How much science can you fit into an hour-long television show? When you talk to Glen Whitman and Rob Chiappetta, executive story editors on the hit Fox series Fringe, it almost seems like the answer is “an unlimited amount.” Science seems to be crammed into every nook and cranny of Fringe, so much, in fact, that Fox offers high school lesson plans that explore the science of specific episodes. Fringe doesn’t hit viewers over the head with science though; it’s not a documentary dressed up as fiction. Instead, it takes scientific twists and turns, imagining “what-if” by taking real science to the edge, also known as fringe science. Think parallel universes, mind control and wormholes through time. 

It is fictional science, but still, Whitman and Chiappetta, who kept an archive of science concepts and ideas during the first season of Fringe for inspiration, feel a sense of duty to the scientific community. “We want to promote the idea that science is not just a bunch of facts and figures and experiments, but that it’s people, it’s passion and it’s adventure,” explains Whitman. “On our show, the heroes are scientists. The heroes are really smart people asking really smart questions.”  

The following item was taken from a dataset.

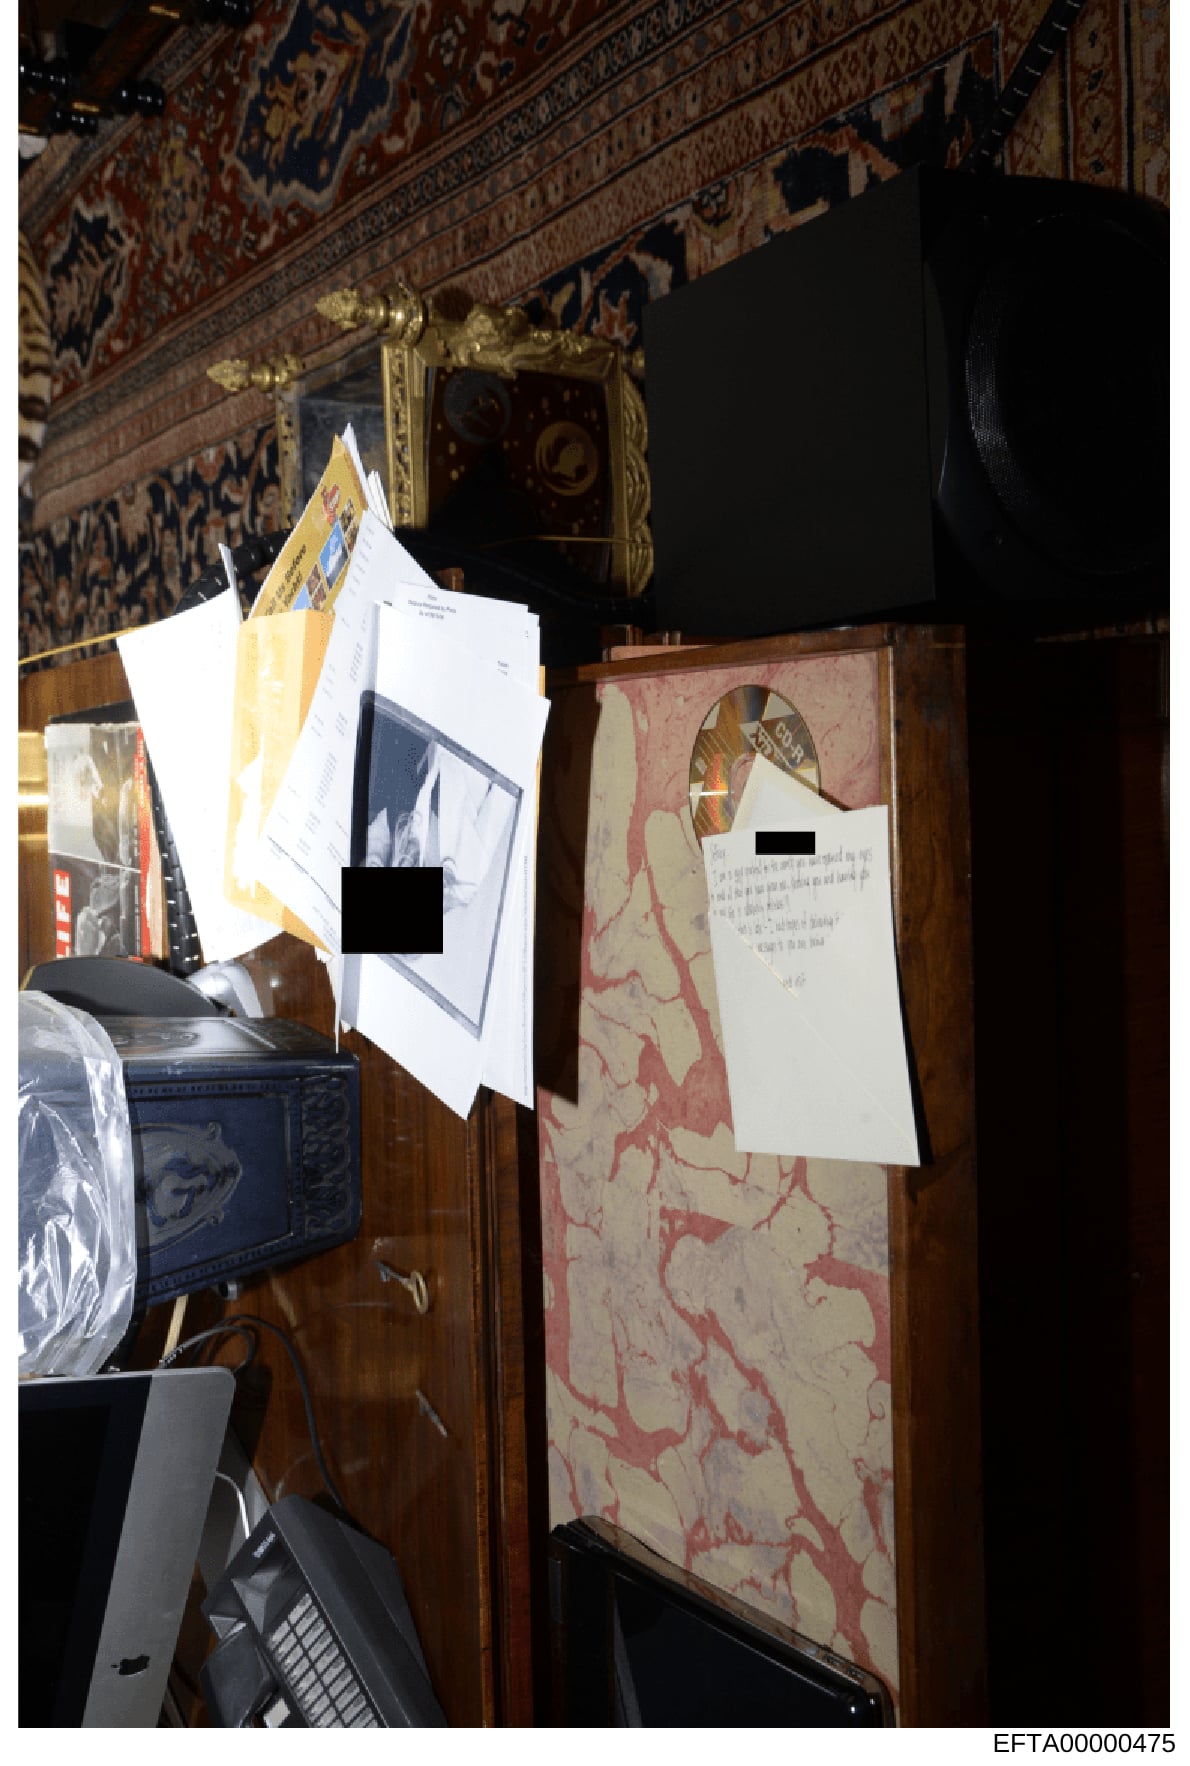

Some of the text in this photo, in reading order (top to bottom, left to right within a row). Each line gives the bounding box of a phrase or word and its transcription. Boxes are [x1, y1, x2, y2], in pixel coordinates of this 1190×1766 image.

[285, 544, 307, 583] Before
[776, 721, 805, 763] CD-R
[56, 873, 70, 958] LIFE

Fringe, as Whitman and Chiappetta explain it, is about science as a means to deepen and explore storylines and characters, which is part of the exchange with The Exchange, says Chiappetta. “Our relationship with the program is not just about helping us accurately depict science; It’s also to promote a general feeling, a general respect, interest and wonder about science, about technology and what’s coming next, and how can we infuse these ideas into storytelling.” 

Not that scientific accuracy doesn’t count on Fringe. Whitman and Chiappetta are working to build story arches, develop characters and immerse viewers in a plausible world – all for the sake of telling the story. That’s hard to do if the science comes off as, well, ridiculous. Whitman and Chiappetta are careful to craft plausible science scenarios for Fringe, which means a call or e-mail to one of The Exchange’s consultants is sometimes needed.

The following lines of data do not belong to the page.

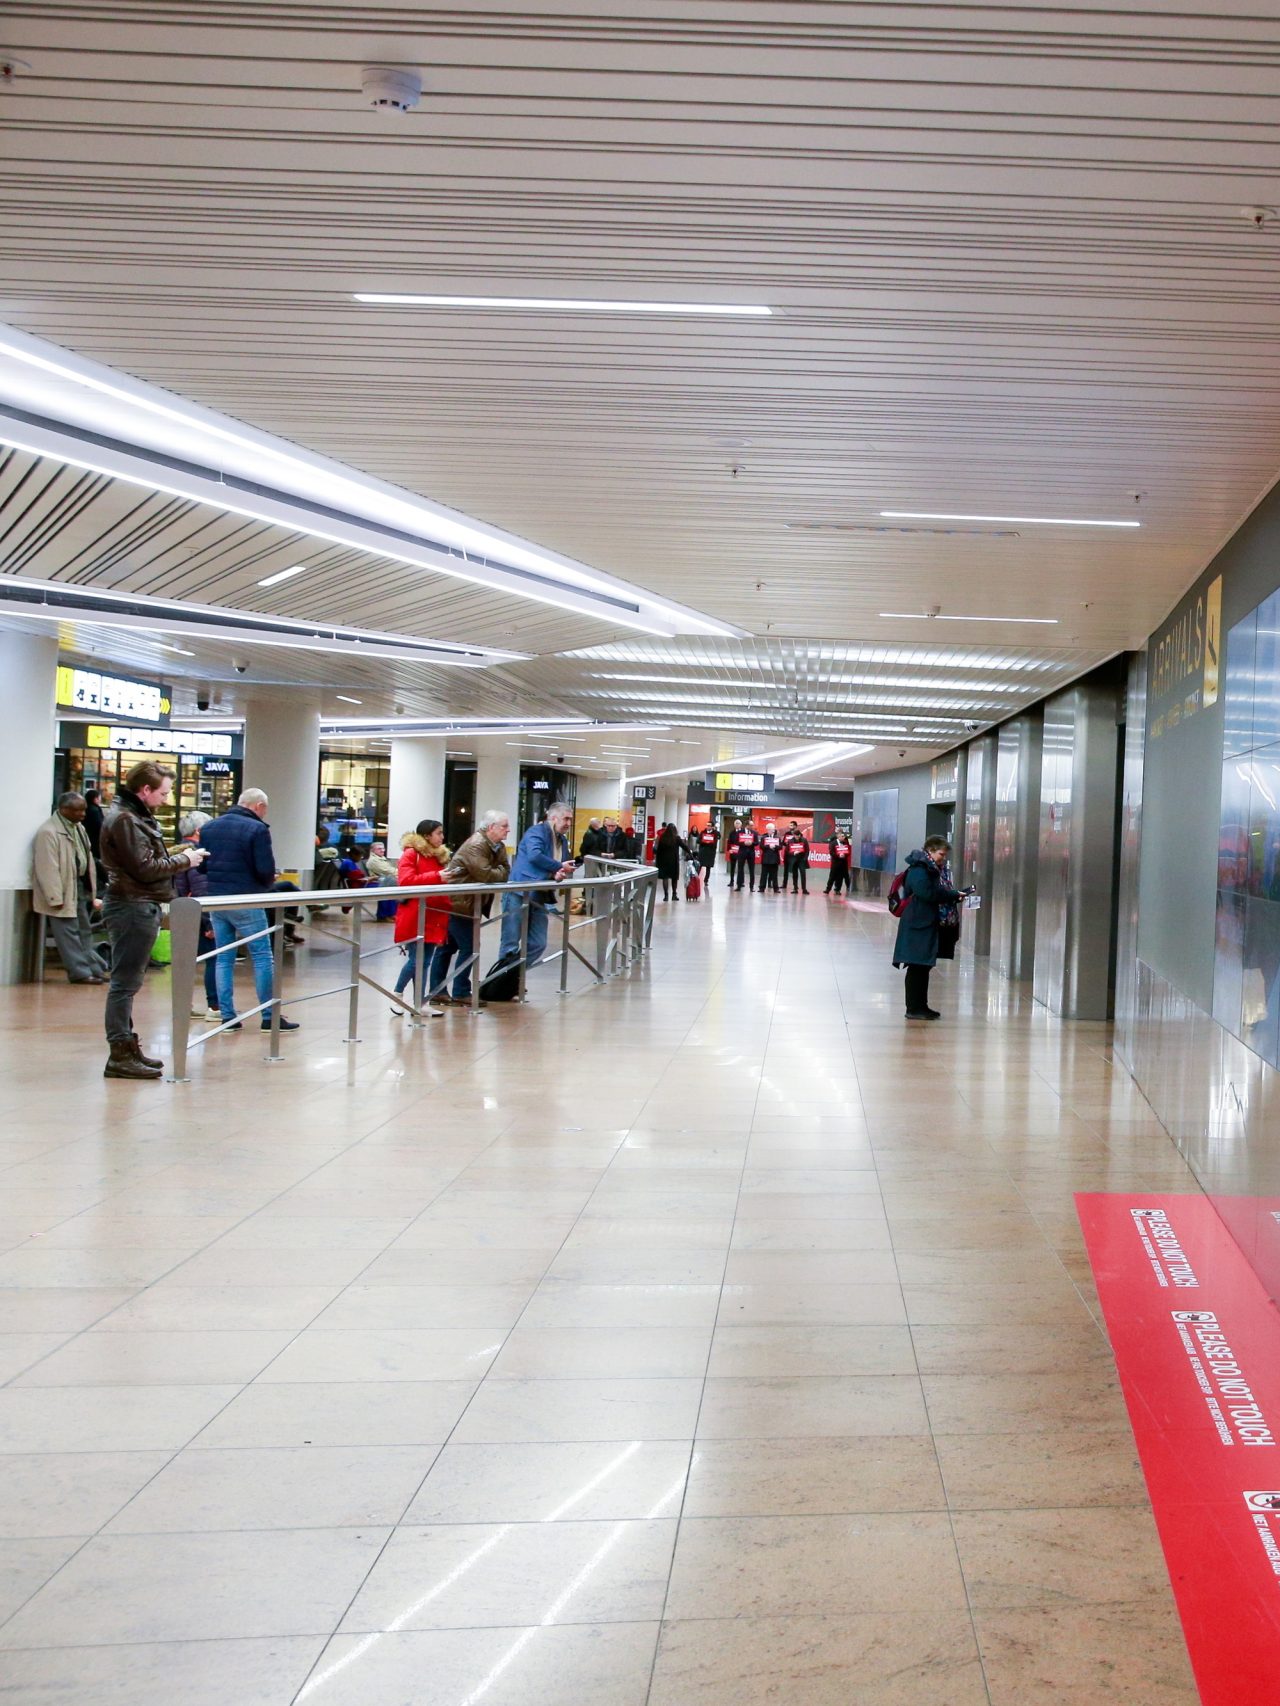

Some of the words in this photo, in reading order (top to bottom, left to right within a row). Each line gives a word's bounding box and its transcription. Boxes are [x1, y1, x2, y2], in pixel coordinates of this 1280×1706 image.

[205, 762, 230, 772] JAVA
[533, 781, 549, 790] JAVA
[728, 793, 768, 803] Information
[1146, 1216, 1176, 1239] PLEASE
[1156, 1239, 1181, 1249] DO
[1160, 1249, 1188, 1263] NOT
[1167, 1263, 1200, 1287] TOUCH
[1193, 1323, 1234, 1359] PLEASE
[1209, 1360, 1242, 1376] DO
[1216, 1378, 1254, 1401] NOT
[1228, 1402, 1276, 1446] TOUCH

In Fringe’s third season finale, for instance, Whitman and Chiappetta contacted physicist (and Exchange consultant) Sean M. Carroll for a particularly puzzling wormhole/radiation conundrum. “In the finale, which is set in 2026, a wormhole is opened in the middle of Central Park,” explains Whitman. “What we wanted the characters to realize, in a couple of lines of dialogue, is that the wormhole leads to a specific point in time, 250 million years ago. So the question was, what could they detect coming out of the wormhole that would allow for that conclusion?”

In the original script, the characters detected gamma radiation, which is real but not accurate. Whitman and Chiappetta also considered Hawking radiation, a type of radiation emitted by black holes, but again, the real science didn’t fit. “The problem was that any wormhole or black hole would emit Hawking radiation. So, the characters could detect the radiation but it wouldn’t tell them that it was coming from a different time,” says Whitman. If he and Chiappetta wanted the characters to know the wormhole led to a point in time, not a point in space, they would need a different explanation. “We considered some other possibilities,” he explains. “One is that they captured the airstream that was coming through the wormhole and tested it for its carbon content and nitrogen content. Then they would compare it to a profile of their estimates of atmospheric concentrations over many millennia. But ultimately, that was a big, long explanation for what was supposed to be more of an emotional scene between two characters.”

Boiling it down to a few lines of dialogue was not an easy task, but with Carroll’s help, the two story editors found a conceivable explanation. “We needed something that could make people go ‘Aha! That’s connected to another period of time!’” says Carroll. “We threw around a couple of ideas and [Whitman and Chiappetta] settled on an unknown form of radiation.” Since the season finale is set in the future, it is possible that scientists could discover a new form of radiation. So, Whitman and Chiappetta “discovered” kappa radiation, which became the series’ tell-tale sign that a wormhole goes through time, not space. “It’s not something that exists in known physics,” says Carroll, “but it is a plausible way that future scientists could tell something fishy was going on.” 

The end result of consultation? A few lines of dialogue between characters Walter Bishop and Peter Bishop:

Walter: I also hear there’s been a massive increase in kappa radiation.

Peter: That one is true. A wormhole opened in Central Park, right in the center of Sheep’s Meadow. Took us months but we were finally able to Amber it over.

Walter: A wormhole shouldn’t emit that type of radiation. Not unless it’s a wormhole through time.

Peter: Exactly right. The carbon levels were consistent with the late Paleozoic era, 250 million years ago.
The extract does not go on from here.